→ Activity
Could you transcribe the entries below exactly, without any of the pictures?

Stored items
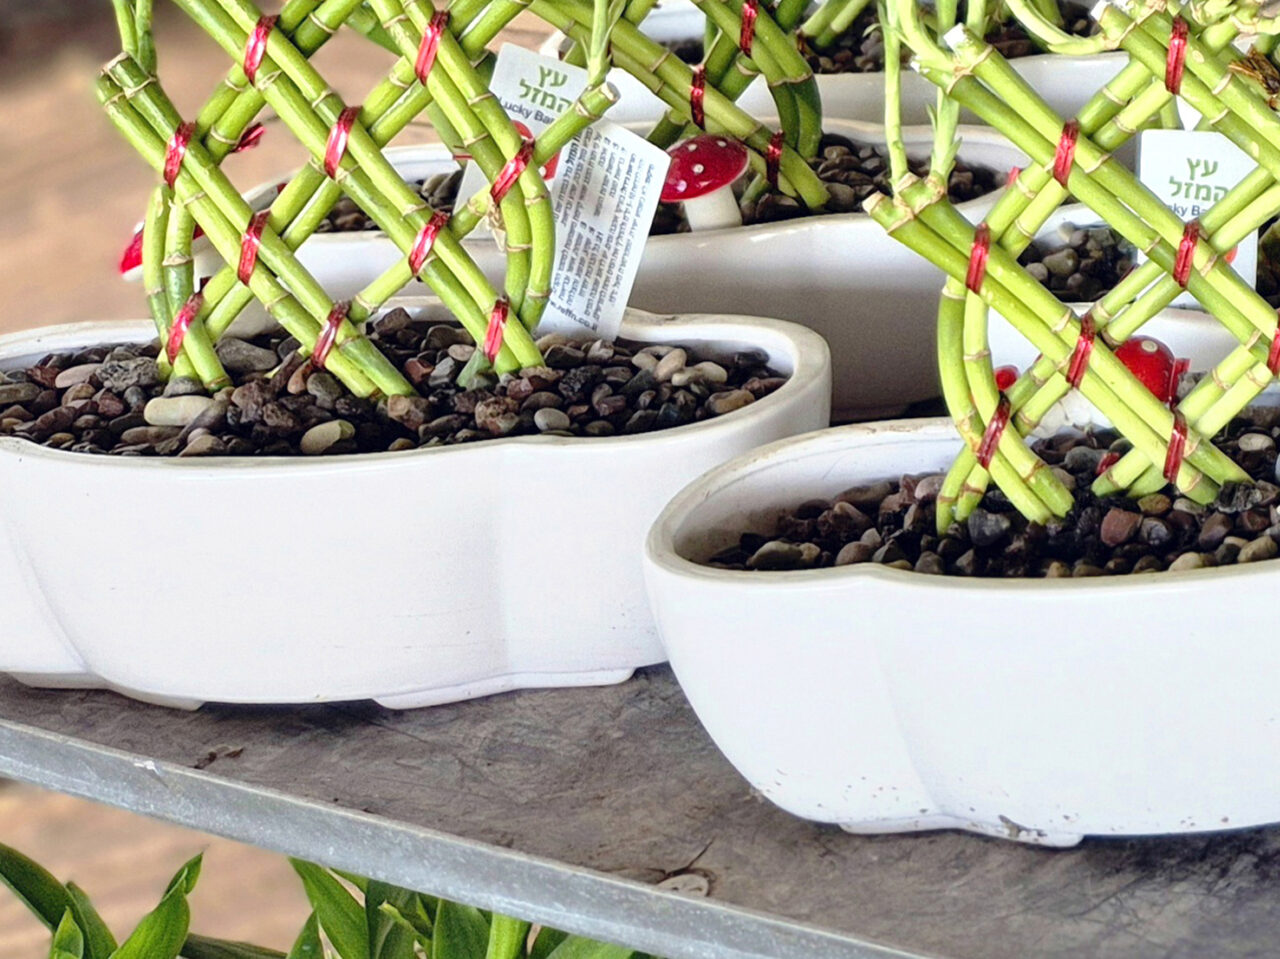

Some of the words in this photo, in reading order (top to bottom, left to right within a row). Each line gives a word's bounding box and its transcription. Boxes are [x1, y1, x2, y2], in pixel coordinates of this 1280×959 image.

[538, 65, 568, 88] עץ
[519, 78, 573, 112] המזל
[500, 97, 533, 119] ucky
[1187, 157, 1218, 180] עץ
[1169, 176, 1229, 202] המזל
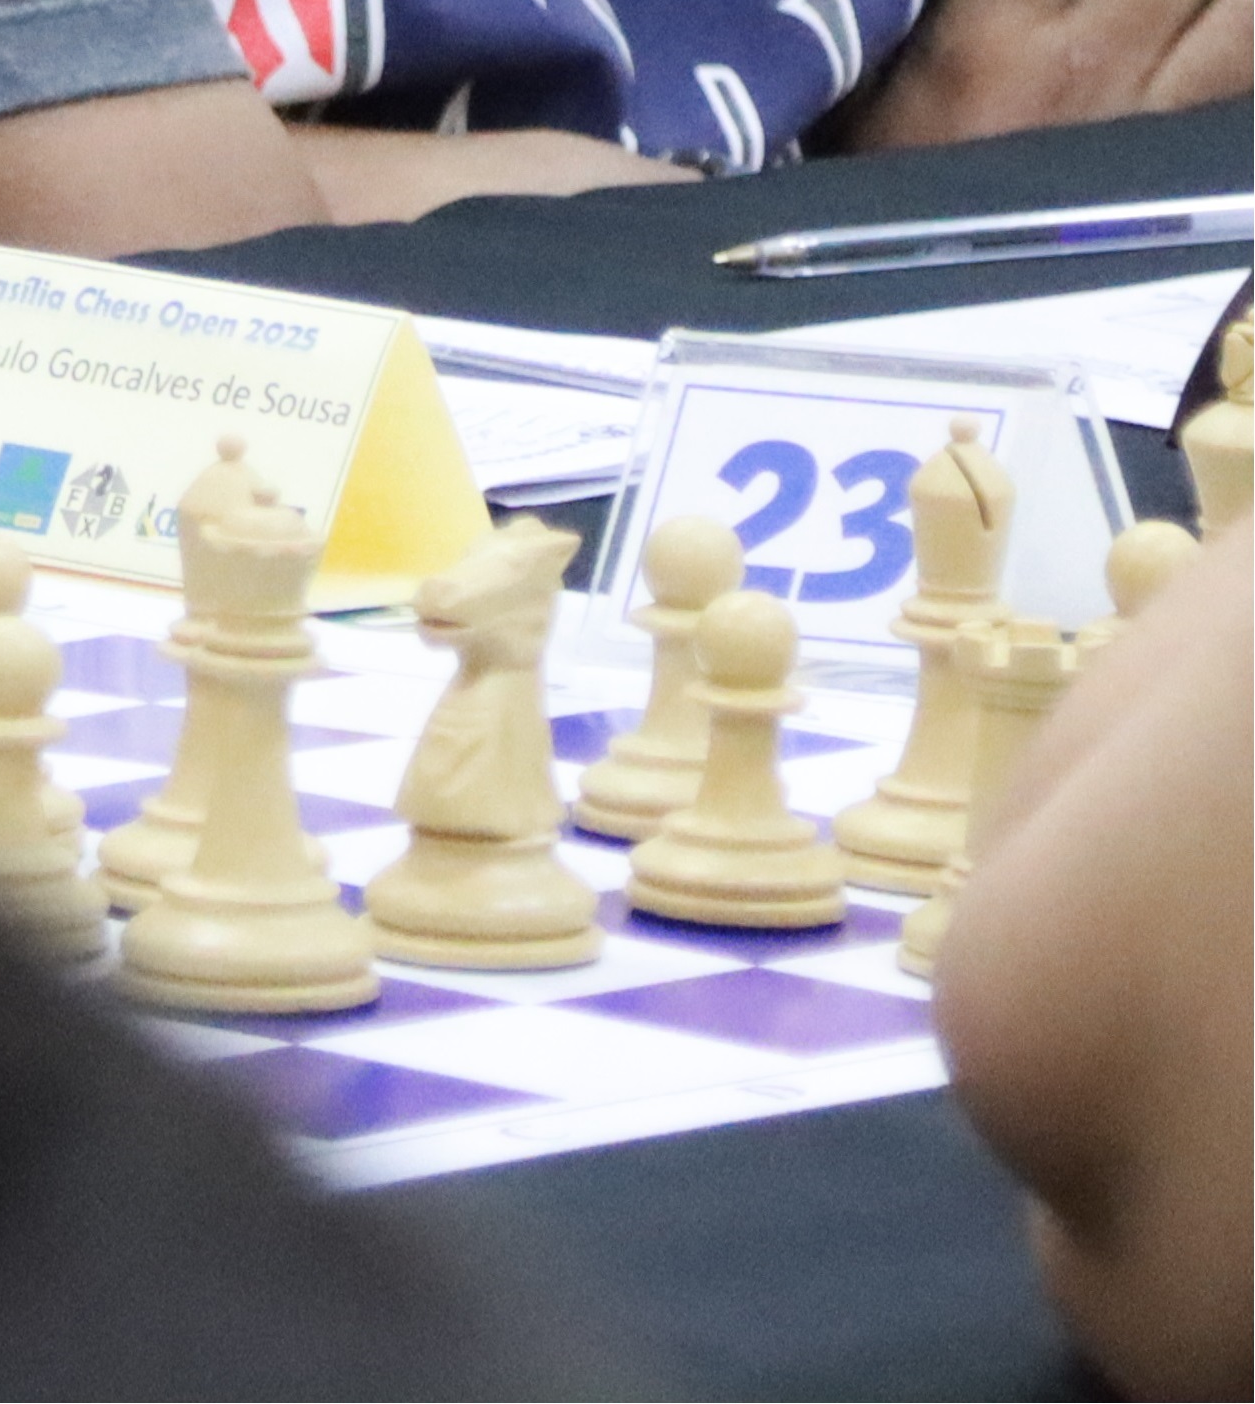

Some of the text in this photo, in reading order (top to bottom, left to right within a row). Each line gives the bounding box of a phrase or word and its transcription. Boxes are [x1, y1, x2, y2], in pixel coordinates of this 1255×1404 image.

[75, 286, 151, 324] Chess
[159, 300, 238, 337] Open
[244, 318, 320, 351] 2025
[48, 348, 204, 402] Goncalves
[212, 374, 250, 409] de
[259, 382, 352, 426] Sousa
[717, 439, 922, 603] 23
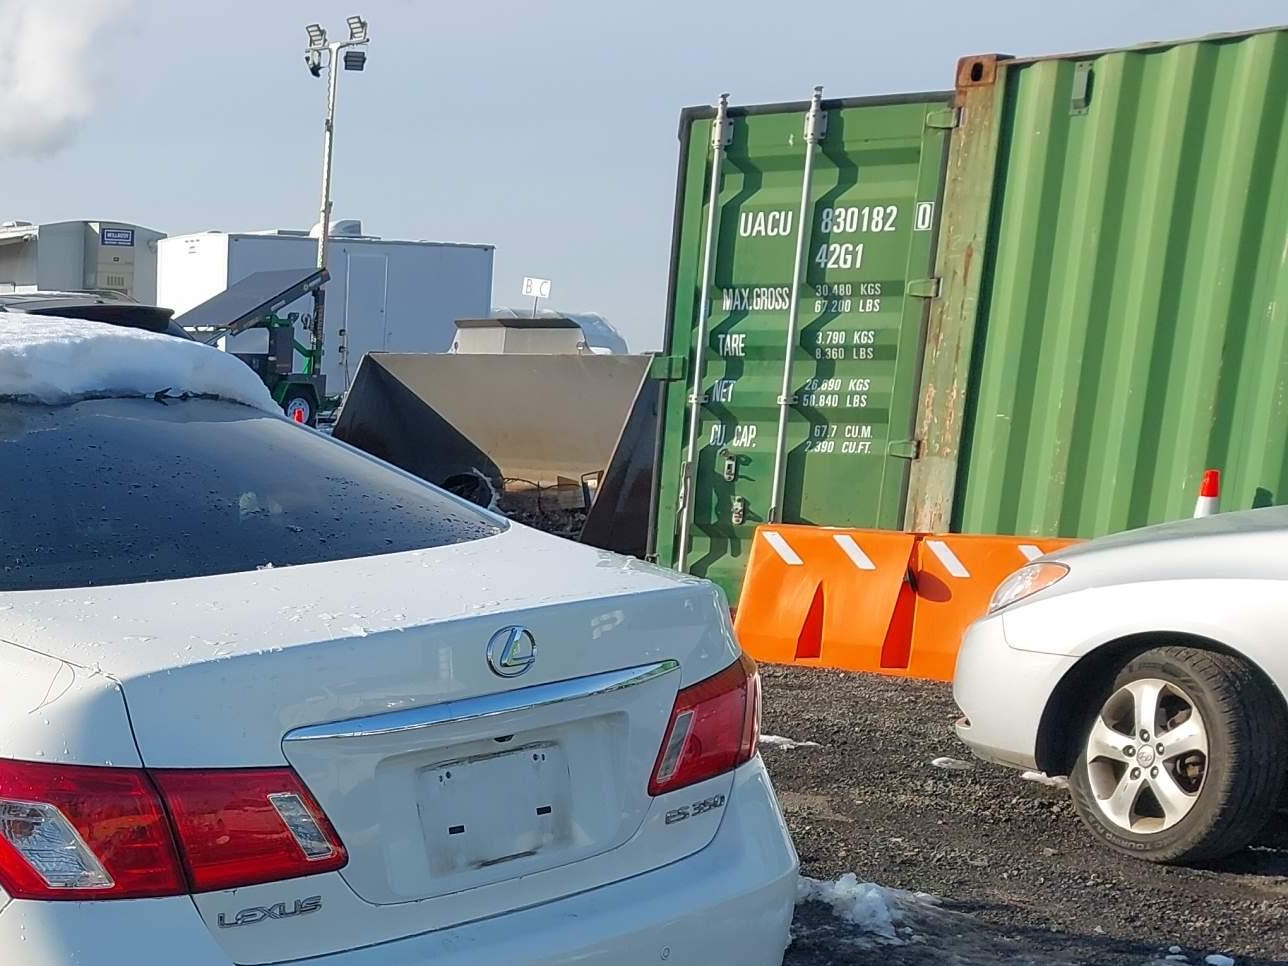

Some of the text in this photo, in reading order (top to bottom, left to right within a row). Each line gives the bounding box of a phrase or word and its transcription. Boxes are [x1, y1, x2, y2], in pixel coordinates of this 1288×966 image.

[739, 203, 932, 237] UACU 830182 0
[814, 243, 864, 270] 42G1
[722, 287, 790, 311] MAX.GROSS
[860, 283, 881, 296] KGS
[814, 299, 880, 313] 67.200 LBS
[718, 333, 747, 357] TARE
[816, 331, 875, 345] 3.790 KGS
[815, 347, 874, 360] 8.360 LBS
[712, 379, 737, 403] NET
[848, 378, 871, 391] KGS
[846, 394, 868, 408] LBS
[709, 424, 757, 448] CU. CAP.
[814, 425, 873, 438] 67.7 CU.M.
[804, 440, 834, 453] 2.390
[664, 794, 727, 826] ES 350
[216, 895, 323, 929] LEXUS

→ Answer
Some of the words in this photo, in reading order (top to bottom, left to right within a row). Each line gives a word's bounding box and its transcription. Boxes are [x1, y1, x2, y2], in pixel coordinates of this 1280×959 image.

[538, 65, 568, 88] עץ
[519, 78, 573, 112] המזל
[500, 97, 533, 119] ucky
[1187, 157, 1218, 180] עץ
[1169, 176, 1229, 202] המזל

Some of the text in this photo, in reading order (top to bottom, left to right within a row). Each line gives the bounding box of a phrase or word and its transcription. Boxes are [x1, y1, x2, y2], in pixel coordinates of this 1255×1404 image.

[75, 286, 151, 324] Chess
[159, 300, 238, 337] Open
[244, 318, 320, 351] 2025
[48, 348, 204, 402] Goncalves
[212, 374, 250, 409] de
[259, 382, 352, 426] Sousa
[717, 439, 922, 603] 23

Some of the text in this photo, in reading order (top to bottom, left to right within a row). Each line gives the bounding box of a phrase or word and its transcription. Boxes are [x1, y1, x2, y2], in pixel coordinates of this 1288×966 image.

[739, 203, 932, 237] UACU 830182 0
[814, 243, 864, 270] 42G1
[722, 287, 790, 311] MAX.GROSS
[860, 283, 881, 296] KGS
[814, 299, 880, 313] 67.200 LBS
[718, 333, 747, 357] TARE
[816, 331, 875, 345] 3.790 KGS
[815, 347, 874, 360] 8.360 LBS
[712, 379, 737, 403] NET
[848, 378, 871, 391] KGS
[846, 394, 868, 408] LBS
[709, 424, 757, 448] CU. CAP.
[814, 425, 873, 438] 67.7 CU.M.
[804, 440, 834, 453] 2.390
[664, 794, 727, 826] ES 350
[216, 895, 323, 929] LEXUS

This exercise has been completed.